Monday, November 21, 2011

Making Christmas

I started thinking the Grinch had a point the first time I saw a Charlie Brown Christmas tree for sale.  You know, the crappy little tree that's probably supposed to remind us that there's more to Christmas than buying a bunch of crap?  (I was going to link you to some of these examples, but I figured that might undercut my point.)

So, here's a decoration you can make that will cost about ten bucks and will not send the message, "I fail to grasp the frequently repeated message of a cartoon that has been an important part of my culture for almost half a century."  

You will need to have bought some stuff at some point, but mixed messages are an important part of the holiday season.  You can make it eco-friendly by using old magazines, comic books, and/or leftover wrapping paper instead of tissue paper.  

What You Need:

  • Paper mache reindeer
  • tissue paper
  • stamp and ink pad
  • Mod Podge
  • Optional: Paint, ribbon, bell
I haven't seen any reindeer at Ben Franklin this year, so mine's from Michaels.  Either wait for a sale or use a coupon because there's no way a fake reindeer is worth $9-$20 (I'm not even sure a real one is worth that much).  You'll get a better price with a coupon, but they'll probably be on sale for 30% off for awhile.

Other important information: the reindeer at Michaels are covered in gold foil.  It sheds all over everything and conflicts with my vision, so I also bought a thing of metallic finish white paint to try to get a better base shade.  



DecoArt's Metallic Finish White Pearl is bad, and it should feel bad.  Fortunately, some random white paint I found in my house has my back.  Now my reindeer has a nice base coat, and I've gotten to inhale twice the paint fumes.

For the decoupage, snowflake stamp on purple tissue paper.  I was originally thinking pale blue, but I couldn't find my last set of tissue paper, and I decided to do purple with a blue ribbon (and maybe a bell).

If I've learned anything from stamping tissue paper and gluing it onto a fake reindeer, it's that subtlety gets you nowhere.  What seems like an elegant and discreet pattern on a whole piece of tissue paper loses something once you start tearing it into pieces and gluing it on fake livestock.  If you're using stamps, aim for something between "well thought out pattern" and "smears of ink."

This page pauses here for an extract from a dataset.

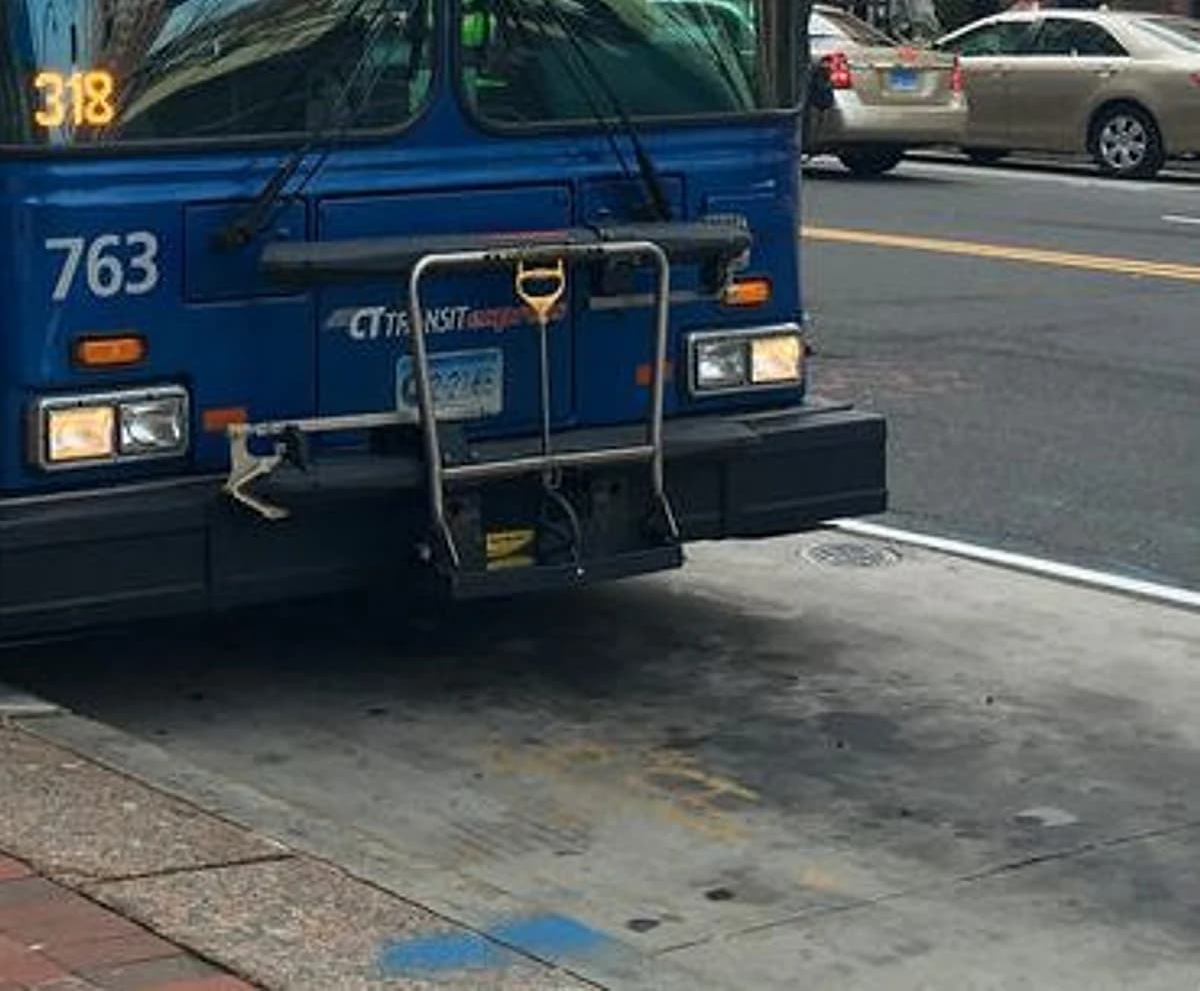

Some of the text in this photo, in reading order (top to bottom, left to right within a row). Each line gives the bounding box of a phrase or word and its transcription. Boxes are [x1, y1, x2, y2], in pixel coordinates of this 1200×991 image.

So, same stamp, same paper, black ink.




I've posed the semi-finished reindeer for display mostly because I thought you'd enjoy looking at something other than the newspapers strewn across my table.  For the face and ears, be prepared to do a lot of tearing and on the spot folding.  Once you're past the broad, mostly flat parts, you're going to get glue on your hands.

Sunday I picked up another reindeer and stamp since Michaels was having a sale, and I had a grant from the My Mom Foundation.  This one I decided to keep gold, which is changing the texture a bit.  I'm also trying to apply the glue and press the paper to it.  According to a Michaels project sheet, this is apparently called "the right way."  Unlike "painting" the paper on with glue, the right way involves getting your hands covered in glue, scraps of tissue paper, and ink.  But at least I didn't buy an overpriced ironic Christmas tree!

Other tips: don't have a cat.  Cats are instinctively drawn to sit on any piece of paper you're interested in, so they are not conducive to decoupage.  On a more positive note, Stampabilities Cheapest Piece of Crap Ink Pad ink dries quickly so it won't smear when your cat goes to sleep on recently stamped tissue paper!

Work is delayed until the glue dries and the cat sits somewhere else.